关键词: 耐药性癫痫, 电刺激疗法, 丘脑髓板内核, 前丘脑核, 丘脑枕, 综述

Abstract: Over the recent years, electrical stimulation therapy has rapidly evolved as a commonly used neuromodulation therapy for epilepsy. Although open-loop stimulation [such as vagus nerve stimulation (VNS) and anterior nucleus of the thalamus deep brain stimulation (ANT-DBS)] has achieved certain success in treating drug-resistant epilepsy, its fixed-parameters, continuous stimulation paradigm suffers from limitations such as a mismatch between timing and dosage, poor individual adaptability, and more. In contrast, closed-loop stimulation [exemplified by responsive neurostimulator system (RNS)] significantly enhances treatment precision and energy efficiency by monitoring brain activity in real time and delivering responsive stimulation before or during seizures. It also leverages long-term data to optimize stimulation parameters and promote brain network remodeling.

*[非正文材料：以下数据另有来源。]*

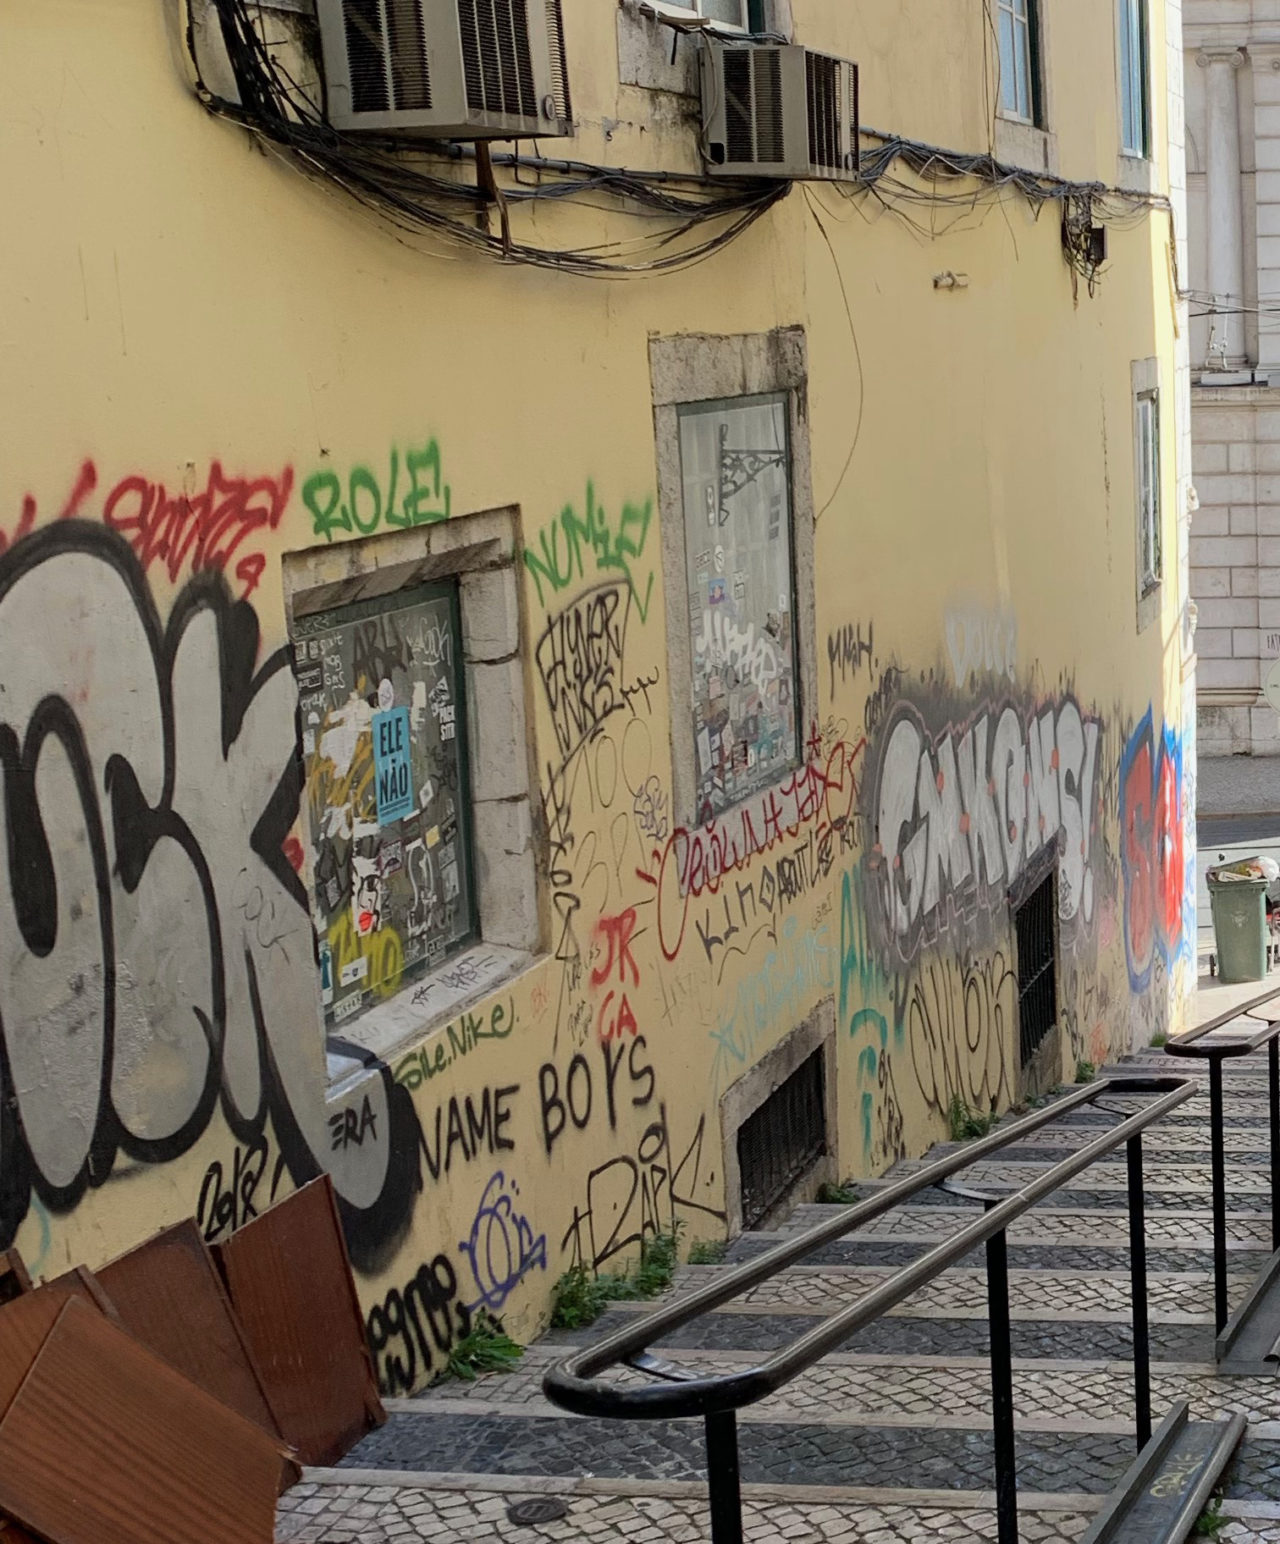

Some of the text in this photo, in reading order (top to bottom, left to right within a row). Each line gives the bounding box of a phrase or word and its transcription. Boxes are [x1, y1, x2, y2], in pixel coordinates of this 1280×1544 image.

[302, 436, 452, 542] ROLE
[379, 716, 403, 758] ELE
[379, 757, 410, 806] NÃO
[538, 1034, 657, 1159] BOYS

This review outlines the development, mechanisms, and recent advances in drug-resistant epilepsy neuromodulation from open-loop stimulation to closed-loop stimulation, and discusses future prospects for more predictive, adaptive, and network- oriented approaches, providing a theoretical foundation for personalized and precise epilepsy treatment.

Key words: Drug resistant epilepsy, Electric stimulation therapy, Intralaminar thalamic nuclei, Anterior thalamic nuclei, Pulvinar, Review

中图分类号:

R741
R651

平安, 朱君明. 神经调控治疗药物难治性癫痫：从开环到闭环刺激[J]. 中国现代神经疾病杂志, 2026, 26(1): 50-56.

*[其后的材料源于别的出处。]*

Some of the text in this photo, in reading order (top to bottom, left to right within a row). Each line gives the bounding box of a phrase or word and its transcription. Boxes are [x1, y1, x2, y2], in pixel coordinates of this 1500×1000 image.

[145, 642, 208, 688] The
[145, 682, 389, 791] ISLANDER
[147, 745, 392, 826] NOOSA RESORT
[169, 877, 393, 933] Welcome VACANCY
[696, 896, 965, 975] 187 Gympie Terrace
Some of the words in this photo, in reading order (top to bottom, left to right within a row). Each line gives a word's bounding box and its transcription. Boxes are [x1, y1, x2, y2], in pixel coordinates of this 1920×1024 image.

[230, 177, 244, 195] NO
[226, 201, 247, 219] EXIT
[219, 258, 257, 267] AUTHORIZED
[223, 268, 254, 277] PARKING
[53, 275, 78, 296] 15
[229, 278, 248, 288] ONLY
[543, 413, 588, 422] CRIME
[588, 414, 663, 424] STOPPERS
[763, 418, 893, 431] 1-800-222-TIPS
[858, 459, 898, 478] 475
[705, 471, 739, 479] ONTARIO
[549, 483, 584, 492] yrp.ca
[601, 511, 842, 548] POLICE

PING An, ZHU Jun-ming. Advances in neuromodulation for drug-resistant epilepsy: transitioning from open-loop stimulation to closed-loop stimulation[J]. Chinese Journal of Contemporary Neurology and Neurosurgery, 2026, 26(1): 50-56.

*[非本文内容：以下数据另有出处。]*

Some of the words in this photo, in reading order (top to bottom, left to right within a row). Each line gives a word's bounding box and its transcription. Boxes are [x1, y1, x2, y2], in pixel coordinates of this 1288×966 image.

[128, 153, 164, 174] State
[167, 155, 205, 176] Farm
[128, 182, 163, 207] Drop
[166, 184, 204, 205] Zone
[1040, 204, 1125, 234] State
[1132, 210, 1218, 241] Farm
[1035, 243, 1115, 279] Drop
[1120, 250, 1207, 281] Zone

https://journal11.magtechjournal.com/cjcnn/CN/Y2026/V26/I1/50

参考文献

[1] Liu W, Xu Y, Lin Y, Wang L, Zhou M, Yin P, Zhao G. Burden of epilepsy in China and its provinces, 1990 to 2019: findings from the Global Burden of Disease Study 2019[J]. Chin Med J (Engl), 2023, 136:305-312.
[2] Perucca E, Perucca P, White HS, Wirrell EC. Drug resistance in epilepsy[J]. Lancet Neurol, 2023, 22:723-734.
[3] Afra P, Adamolekun B, Aydemir S, Watson GDR. Evolution of the vagus nerve stimulation (VNS) therapy system technology for drug-resistant epilepsy[J]. Front Med Technol, 2021, 3:696543.
[4] Bouwens van der Vlis TAM, Schijns OEMG, Schaper FLWVJ, Hoogland G, Kubben P, Wagner L, Rouhl R, Temel Y, Ackermans L. Deep brain stimulation of the anterior nucleus of the thalamus for drug-resistant epilepsy[J]. Neurosurg Rev, 2019, 42:287-296.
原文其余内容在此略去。